I’ve spent some time recently creating Apache Flink jobs to process data from a number of Kafka topics. The jobs work out some customer related counts so that recurring work could be taken away from some relational databases.

To verfiy the results produced by the Flink jobs were OK, I was able to query the source database and the destination Redis instance that Flink sends its results to. As things scale up though it isn’t practial for me to query the database and redis for every customer thats processed.

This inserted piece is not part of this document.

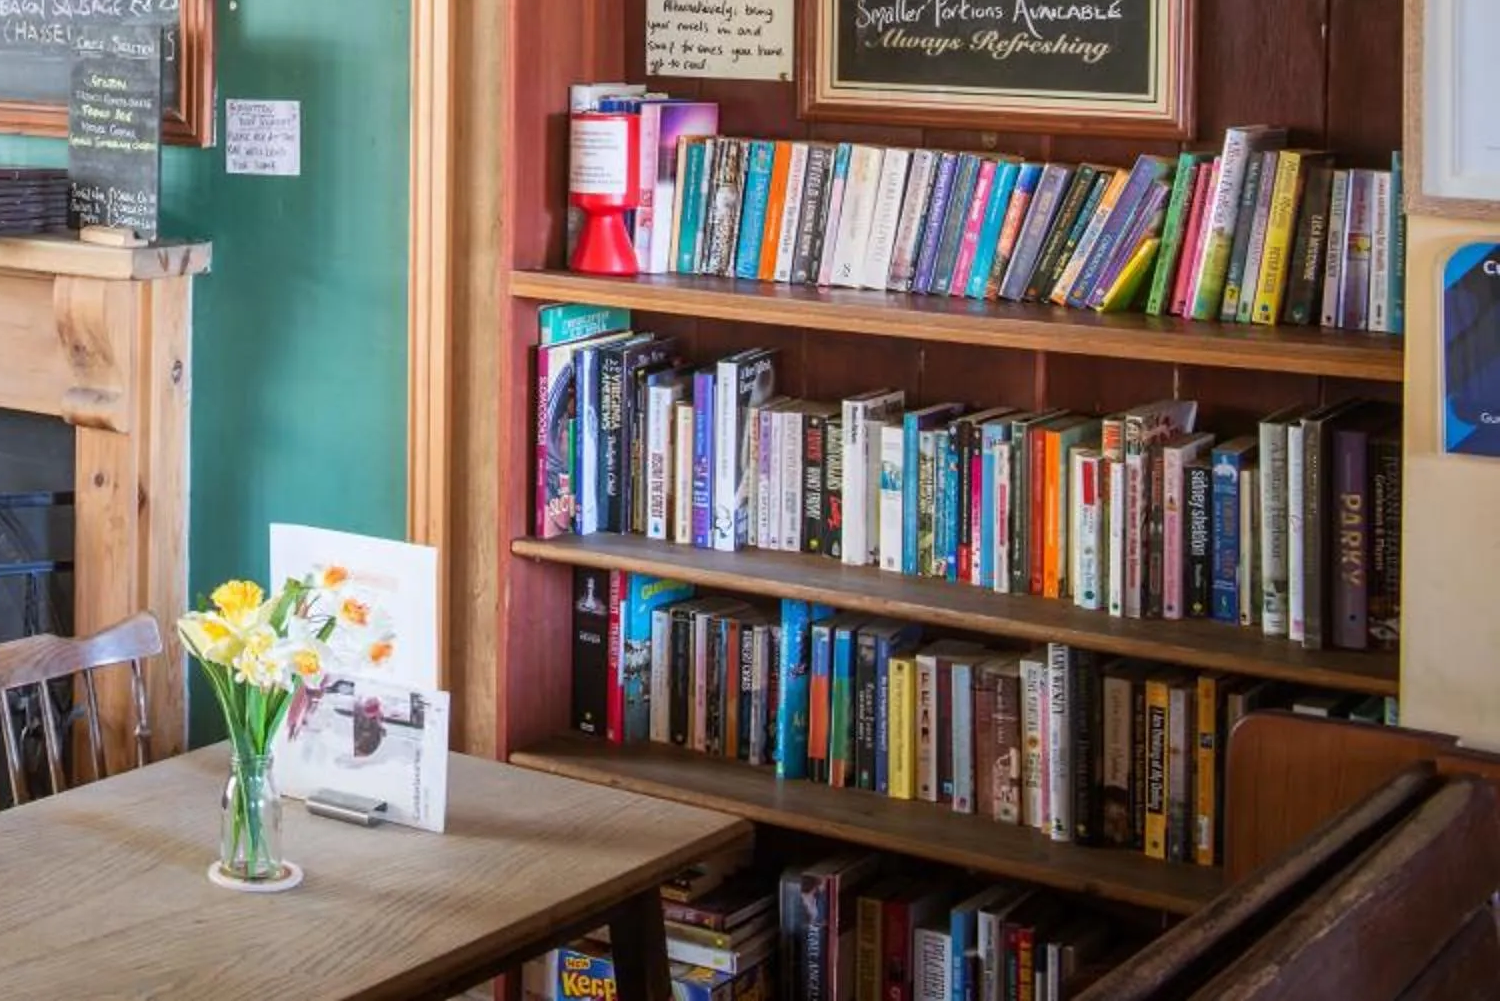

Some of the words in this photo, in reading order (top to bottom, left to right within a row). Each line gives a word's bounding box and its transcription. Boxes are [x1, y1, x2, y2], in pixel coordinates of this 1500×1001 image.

There is a feature of Vector.dev I read about in the past and wanted to try out, the ability to convert logs to metrics that Prometheus could scrape. I wasn’t sure how this would work but I took some time to try it out. Im glad I spent the time on it, it gives me a clear visual in a Grafana dashboard showing me the results are progressing or are fully ok.

I wrote a bash script that could query the source database and destination redis periodically for a number of customers and write a brief log line each time. Ideally the source and destination count would be the same resulting in a differecnce of 0 and a “Pass”. If the counts were different it would log the difference and label it as a “Fail”.

The Pass and Fail are mainly there for me to see at a glance, they are not needed for the process to work. The logs look something like the following:

datetime, customerID, source count, destination count, difference, pass/fail
2023-12-18 09:33:22, 12345, 1000, 1000, 0, PASS
2023-12-18 10:33:12, 67890, 500, 200, 300, FAIL

The bash script runs every so often and appends results to the log file each time.

This is where Vector.dev comes in. Vector contains a config file that defines a source, a transformation and a destination. In my case I had a log file as a source and Prometheus metrics as a destination. Vector Remap Language (VRL) is used to define the transformation to apply to the log lines.

The full config file for Vector looks like this:

# A source section pointing to my results log file
[sources.my_source]
  type = "file"
  include = ["/path/to/results.csv"]

# A transformation written using VRL to parse the log lines
[transforms.parse_logs]
  type = "remap"
  inputs = ["my_source"]
  source = '''
  parsed = parse_csv!(.message)
  .log_timestamp = parsed[0]
  .customer = parsed[1]
  .source_count = parsed[2]
  .destination_count = parsed[3]
  .difference = to_int!(parsed[4])
  '''

# structure the output
[transforms.to_metrics]
  type = "log_to_metric"
  inputs = ["parse_logs"]
  metrics = [
    { type = "gauge", field = "difference", tags = { "customer" = "" }, name = "log_difference" }
  ]

# A sink to expose the transformed data for Prometheus
[sinks.prometheus]
  type = "prometheus_exporter"
  inputs = ["to_metrics"]
  address = "0.0.0.0:9598" # Prometheus scrape URL

When Vector starts up, it exposes an endpoint at http://localhost:9598 that Prometheus can scrape.

The output produced by vector looks something like the following, with a lable for each customer, the resulting difference and a timestamp.

log_difference{customer="12345"} 0 1703793649000
log_difference{customer="67890"} 300 1703793649000

A quick update to Prometheus to make it aware of the new endpoint using the port 9598:

scrape_configs:

  - job_name: 'custom_metrics'
    static_configs:
    - targets: ['xxx.xxx.xxx.xxx:9598']

I was then able to create a new Visualization in a Grafana dashboard alonside other Flink info. The following image shows the data is way off in the beginning and becomes consistent ( source and destination = 0 ) as the Flink job completes processing the data.

A visualisation in Grafana

Having this visualization has been a great addition. I can see the numbers go out of sync at times when Flink is processing large amounts of new data coming in from Kafka and then it syncs up again.